In the weeks before the annexation of Crimea, for instance, Russian state media reported that Ukrainian “fascists” and right-wing militias, having supposedly seized power in that winter’s revolution, were planning to move south in order to pacify Crimea’s ethnic Russian majority. These reports were false. Fascists had not seized power in Kiev, and there were no paramilitary columns moving in Crimea’s direction. But the propaganda effort helped to stir up enough panic among Crimean residents for many of them to welcome the Russian troops who promptly came to occupy the peninsula and prepare its annexation.
The fact that Putin’s claims on Wednesday might provide a similar casus belli for further military action are certainly cause for alarm, and they point to the other scenario that Putin might be contemplating. Since taking control of Crimea, Russia has spent billions of dollars keeping it supplied with fuel, food, water and electricity, all of which this region had previously received from Ukraine. In November, a group of pro-Ukrainian saboteurs blew up the electricity pylons that carry power from mainland Ukraine to Crimea. The Russian-backed leaders of the peninsula were then forced to declare a state of emergency, as the resulting blackouts had created a heating crisis across Crimea just as the Eastern European winter was setting in.
That act of sabotage was a painful reminder of how vulnerable Crimea became after the swift and bloodless Russian annexation. In order to really secure its hold over this territory, Russia would either need to spend enormous amounts of money on new infrastructure—such as bridges, power lines, energy pipelines and so on—that would connect Crimea to the Russian mainland, or it would need to launch an all-out invasion of Ukraine in order to secure a land bridge through the country’s eastern and southern regions all the way to Crimea.

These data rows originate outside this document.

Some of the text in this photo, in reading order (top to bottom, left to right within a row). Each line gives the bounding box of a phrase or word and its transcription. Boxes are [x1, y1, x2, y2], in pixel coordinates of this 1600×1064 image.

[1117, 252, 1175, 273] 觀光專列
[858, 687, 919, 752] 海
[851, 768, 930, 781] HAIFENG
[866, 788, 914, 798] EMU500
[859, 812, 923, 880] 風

But Putin likely realizes that he cannot afford to do either, at least not any time soon. With so much of his military firepower tied up in Syria, it would put enormous strain on the Russian armed forces to declare a full-scale war against Ukraine, which has spent the last two years building up defenses against exactly that kind of attack. It is also far from clear that the Russian people would support such a war, much less in retaliation for a bunch of alleged saboteurs in Crimea with backpacks full of soda-bottle bombs.

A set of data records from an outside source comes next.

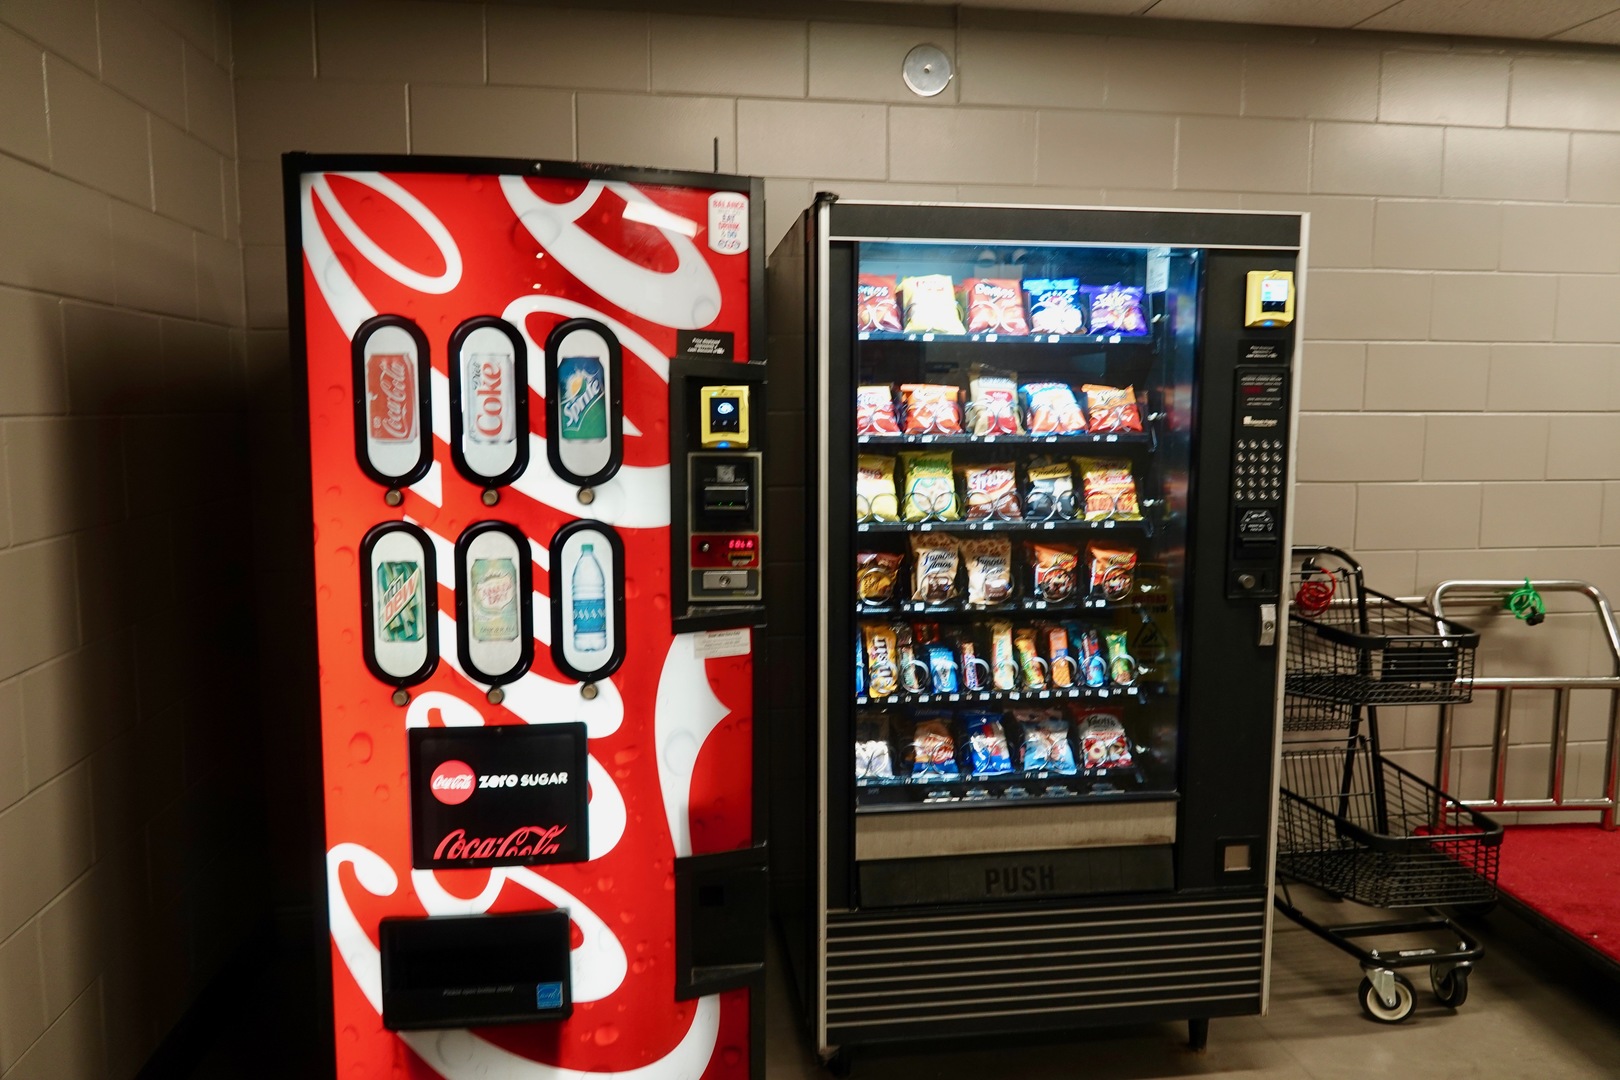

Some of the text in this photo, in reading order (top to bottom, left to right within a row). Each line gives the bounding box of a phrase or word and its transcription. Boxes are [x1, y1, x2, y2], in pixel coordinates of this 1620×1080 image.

[974, 282, 1016, 299] Doritos
[475, 361, 503, 437] Coke
[562, 378, 602, 428] Sprite
[432, 772, 568, 790] Coca-Cola zero SUGAR
[985, 865, 1054, 895] PUSH

In its monthly “fear map” survey, which was published on Wednesday, the Kremlin’s leading pollster found that Russians are currently most afraid of “international tensions, conflicts between nations and military actions.” Even issues such as crime, healthcare and the devaluation of their savings now worry Russians far less than the possibility of war, the survey found.

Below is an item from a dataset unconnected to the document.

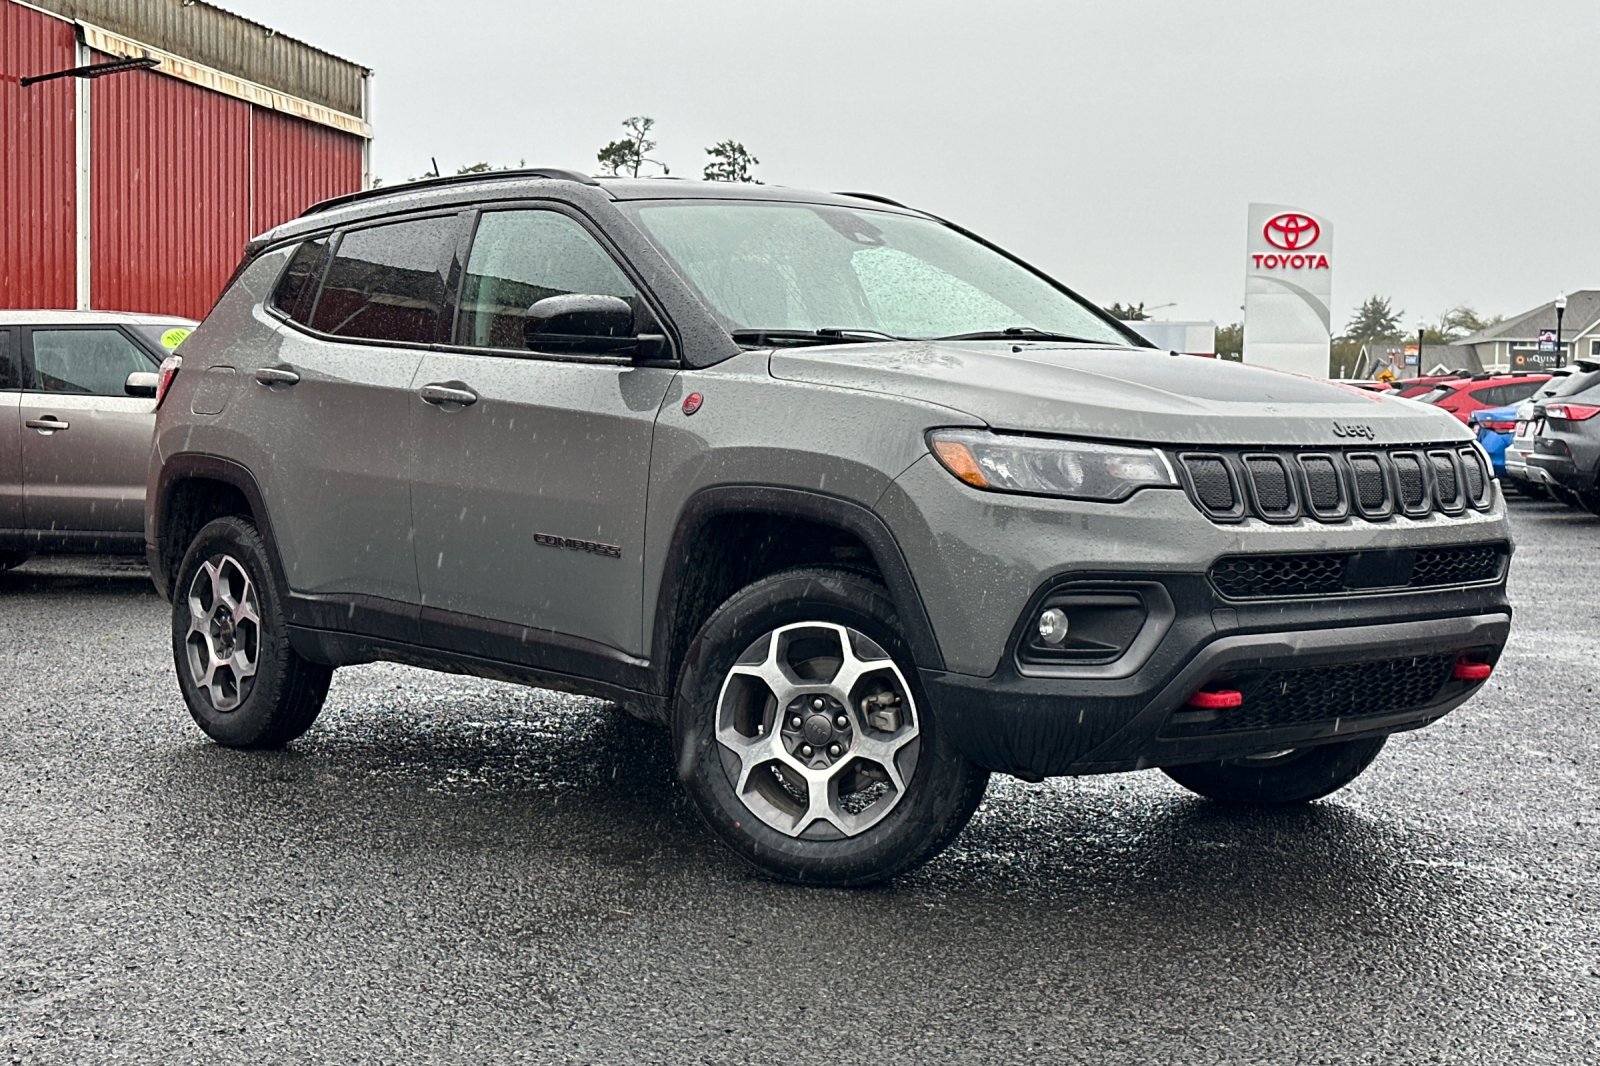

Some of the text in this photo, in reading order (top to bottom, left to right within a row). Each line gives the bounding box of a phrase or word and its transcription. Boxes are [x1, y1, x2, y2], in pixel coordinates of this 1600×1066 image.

So Putin should hardly be eager to grab at this chance to attack Ukraine. With the recent collapse in the price of oil, Russia’s main export, the national economy shrank by nearly 4% last year, and is projected to contract by at least another 2% this year, according to the World Bank. In order to ease some of that pain, Russia needs the West to allow normal trade relations to resume. Of course, Putin is far too proud, and far too invested in his image as a counterweight to the arrogant West, to start pleading for the U.S. and Europe to drop their embargoes.
But he might at least try to achieve the same ends by casting Ukraine’s leaders as a bunch of terrorists. At a minimum, this would mean offering Western leaders an off-ramp in their ongoing support for Ukraine. Now it’s up to them to decide whether to take it.